Saved data entries
--- START ---

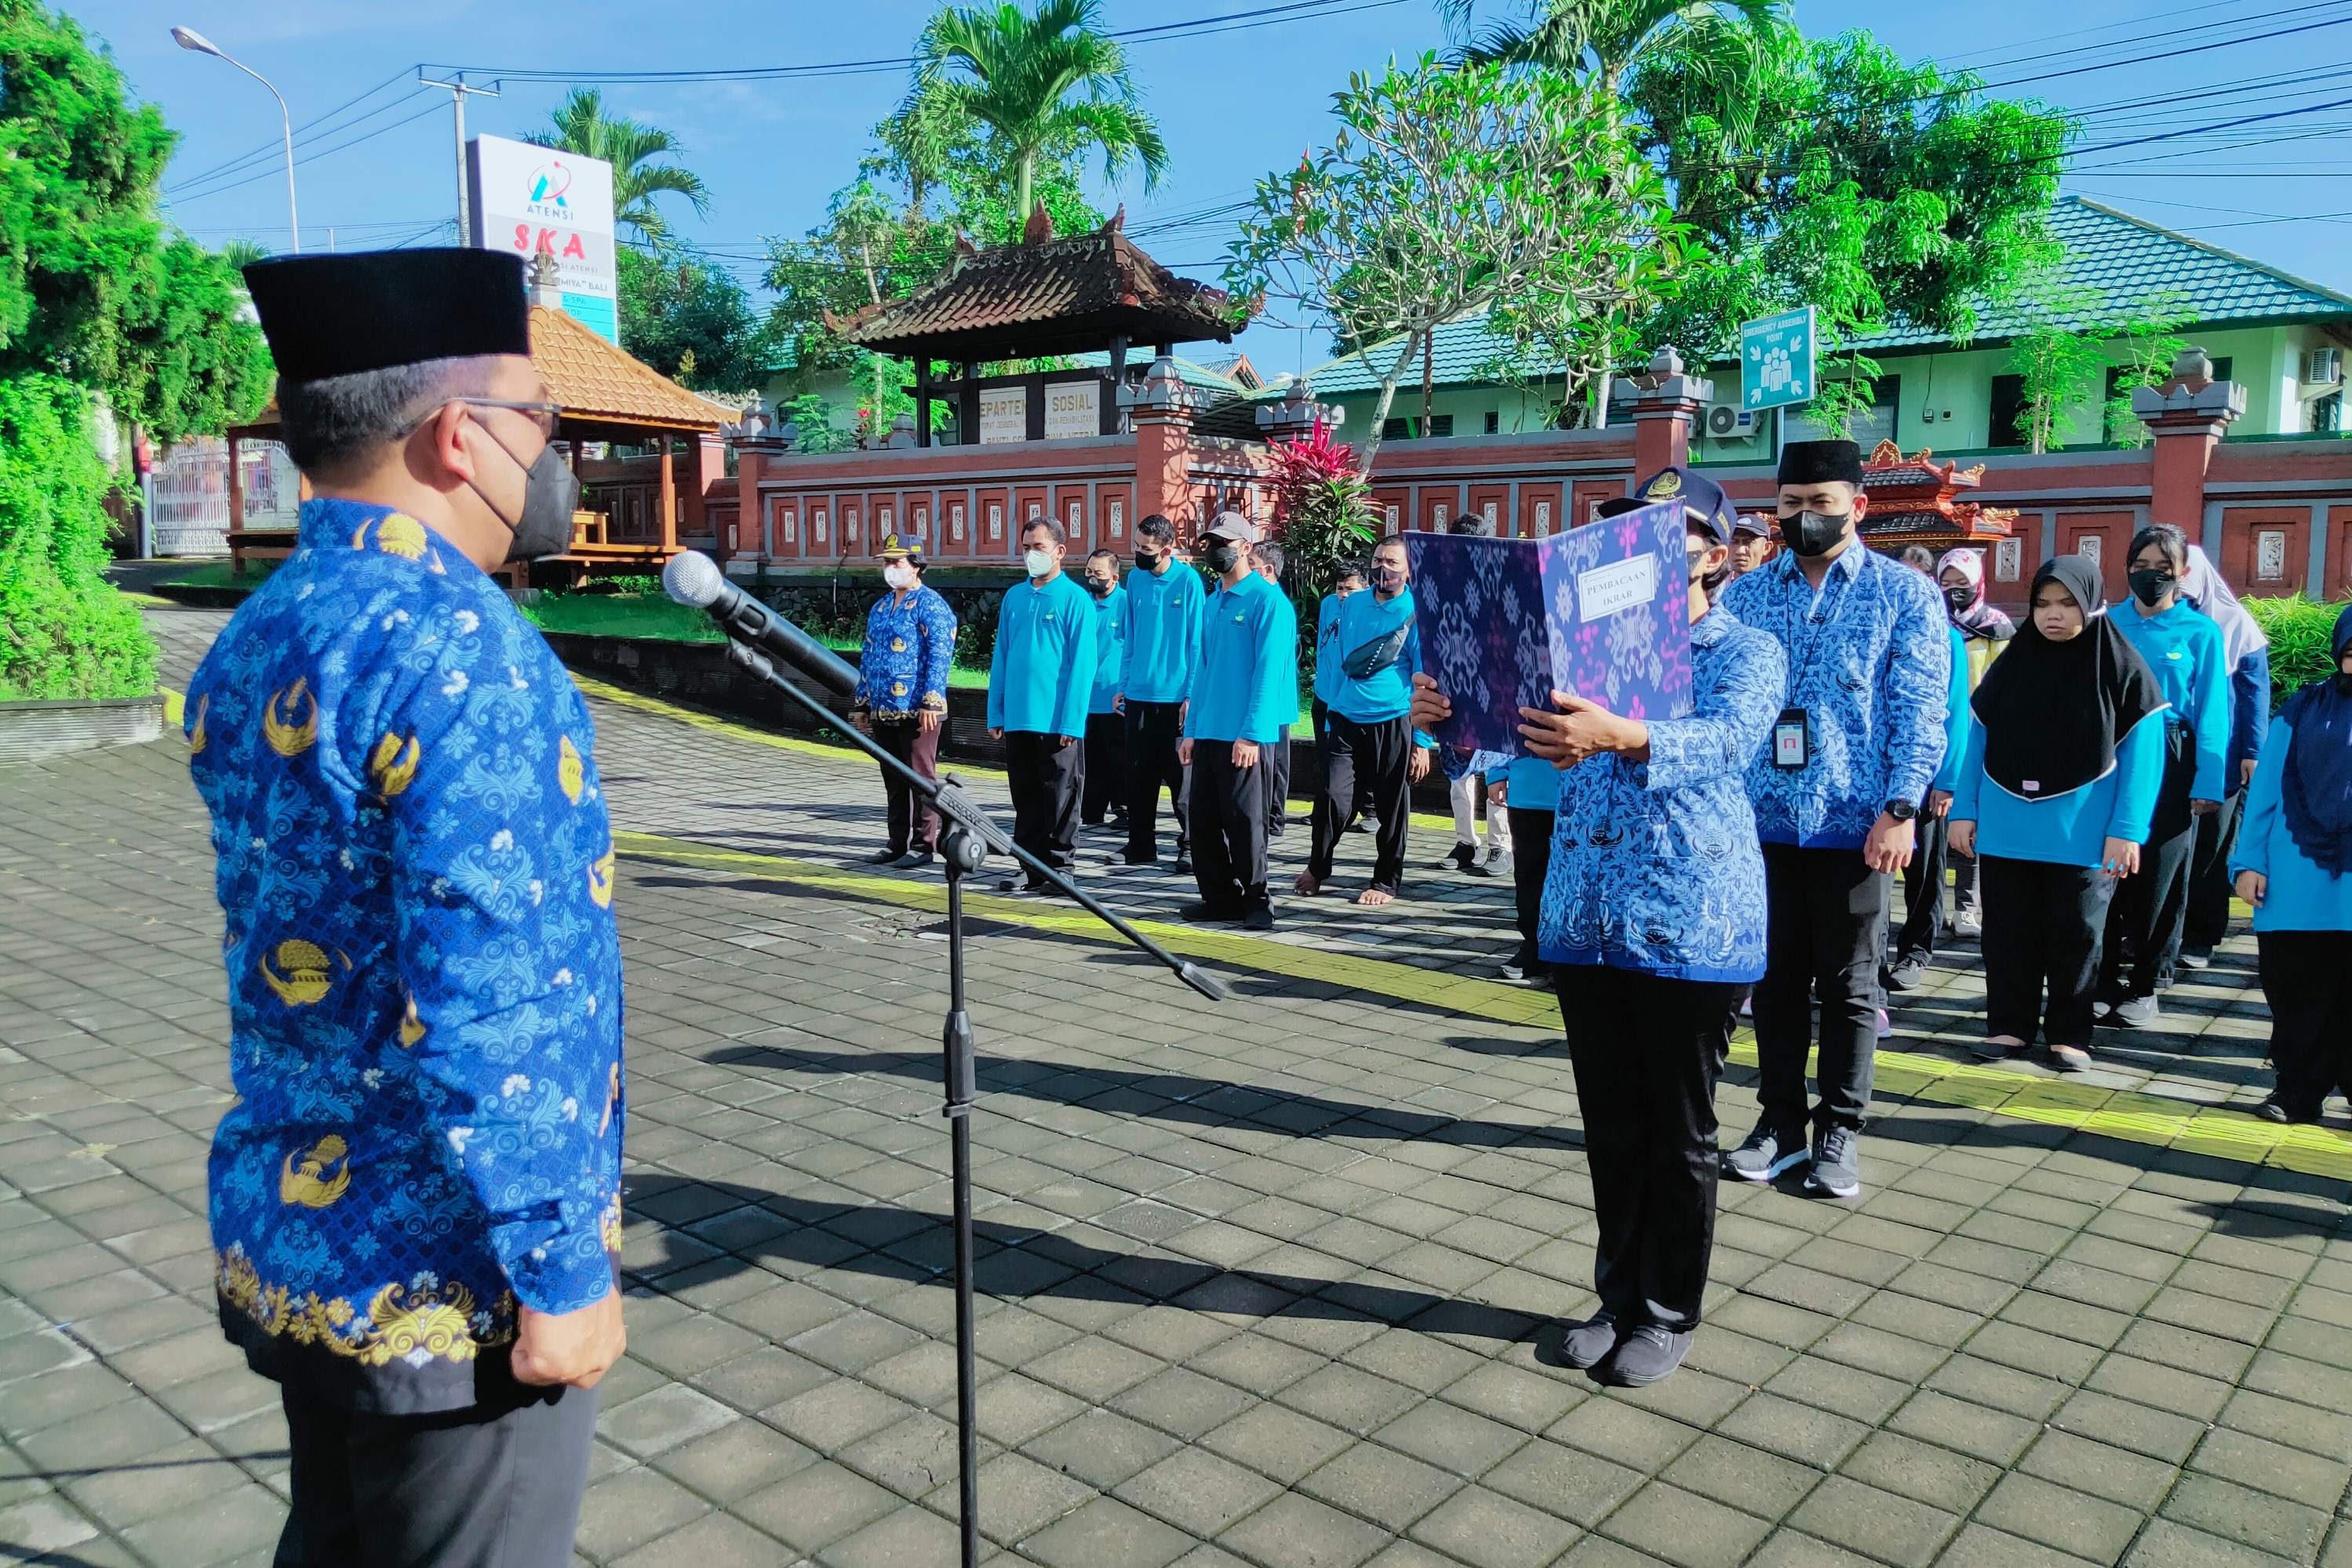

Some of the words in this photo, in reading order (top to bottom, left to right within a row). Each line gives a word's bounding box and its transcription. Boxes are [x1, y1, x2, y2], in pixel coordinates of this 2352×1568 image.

[526, 205, 573, 220] ATENSI
[514, 224, 586, 260] SKA
[570, 264, 598, 273] ATENSI
[588, 282, 607, 291] BALI
[1743, 322, 1776, 337] EMERGENCY
[1778, 315, 1807, 329] ASSEMBLY
[1766, 332, 1783, 344] POINT
[980, 399, 1025, 417] EPARTE
[1052, 394, 1093, 412] SOSIAL
[1587, 569, 1647, 595] PEMBACAAN
[1603, 590, 1633, 606] IKRAR
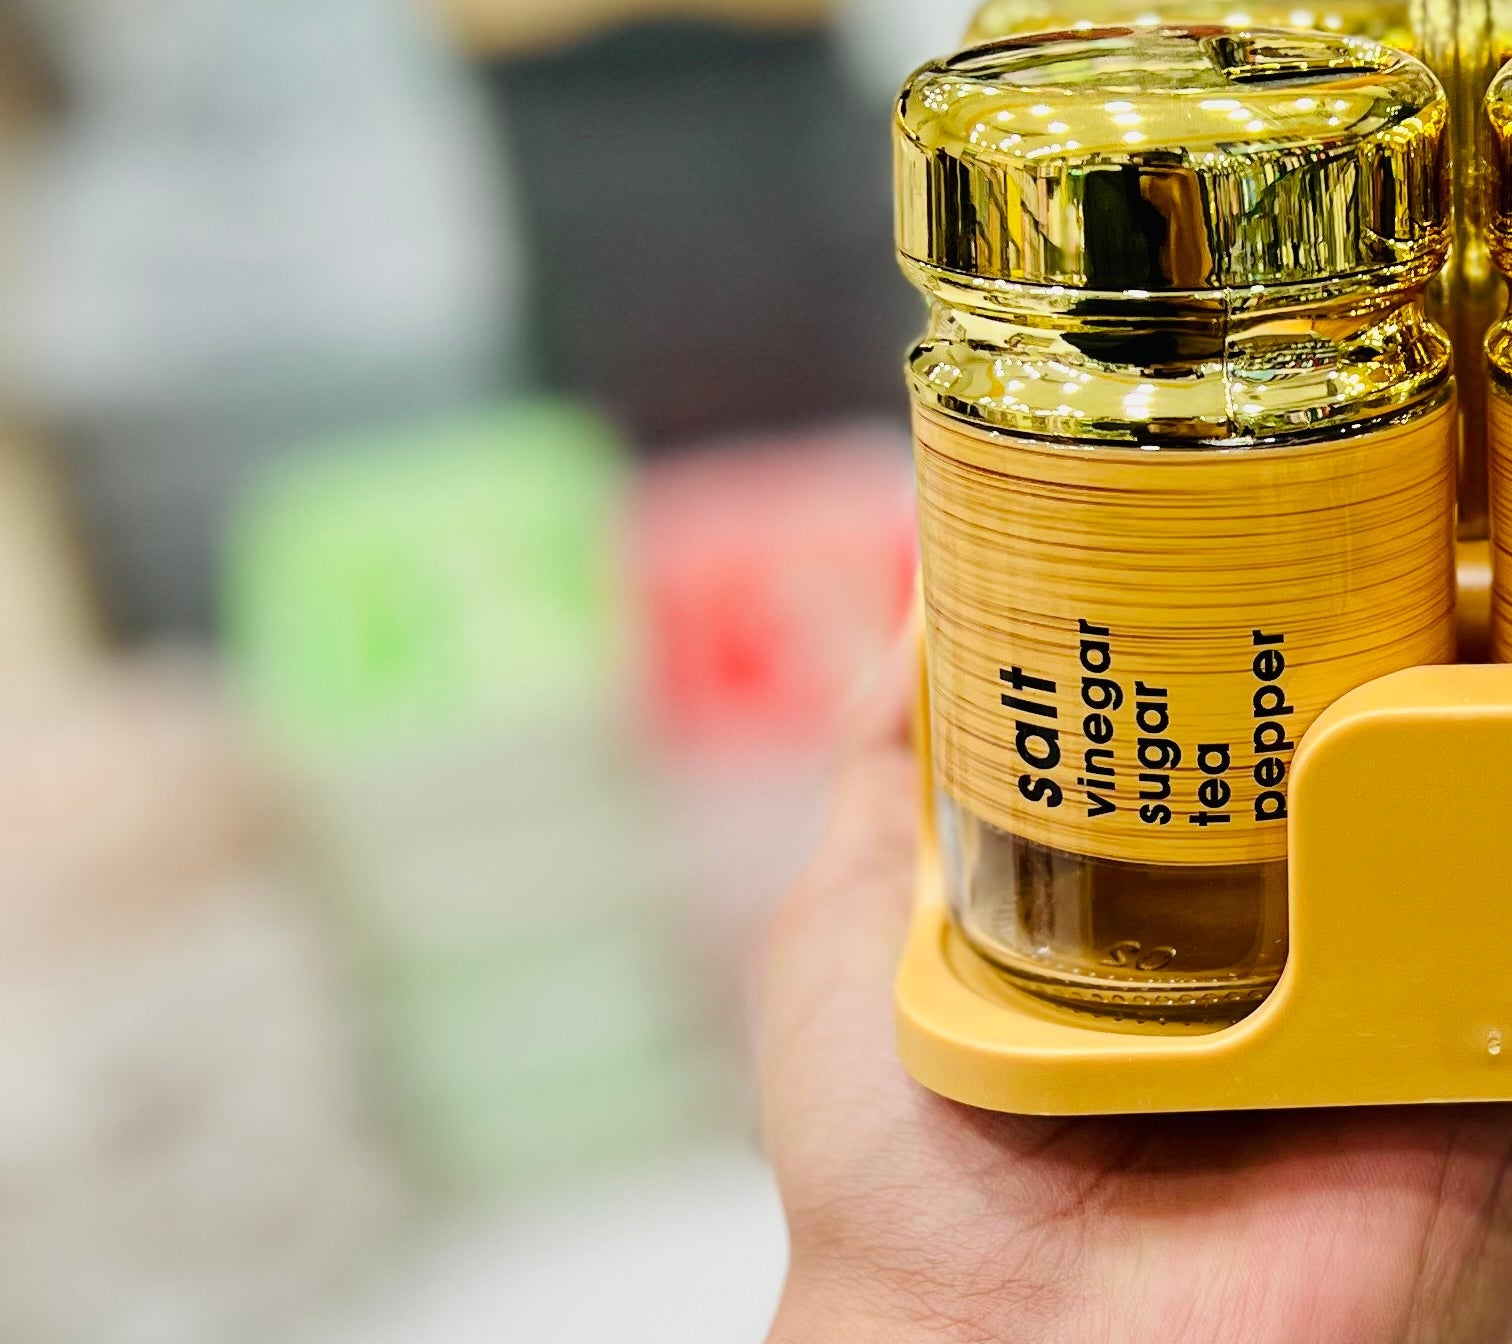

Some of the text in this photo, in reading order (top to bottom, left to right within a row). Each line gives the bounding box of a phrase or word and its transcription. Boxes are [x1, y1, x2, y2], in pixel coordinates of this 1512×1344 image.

--- END ---

__Required work__:
Your task is to return the entries above exactly, with no pictures.

__Output for this exercise__:
Some of the words in this photo, in reading order (top to bottom, left to right within a row). Each line gives a word's bounding box and its transcription. Boxes are [x1, y1, x2, y2], in pixel coordinates of this 2352×1568 image.

[526, 205, 573, 220] ATENSI
[514, 224, 586, 260] SKA
[570, 264, 598, 273] ATENSI
[588, 282, 607, 291] BALI
[1743, 322, 1776, 337] EMERGENCY
[1778, 315, 1807, 329] ASSEMBLY
[1766, 332, 1783, 344] POINT
[980, 399, 1025, 417] EPARTE
[1052, 394, 1093, 412] SOSIAL
[1587, 569, 1647, 595] PEMBACAAN
[1603, 590, 1633, 606] IKRAR

Some of the text in this photo, in reading order (top to bottom, left to right within a row). Each line gives the bounding box of a phrase or word and its transcription. Boxes are [x1, y1, x2, y2], in pixel coordinates of this 1512×1344 image.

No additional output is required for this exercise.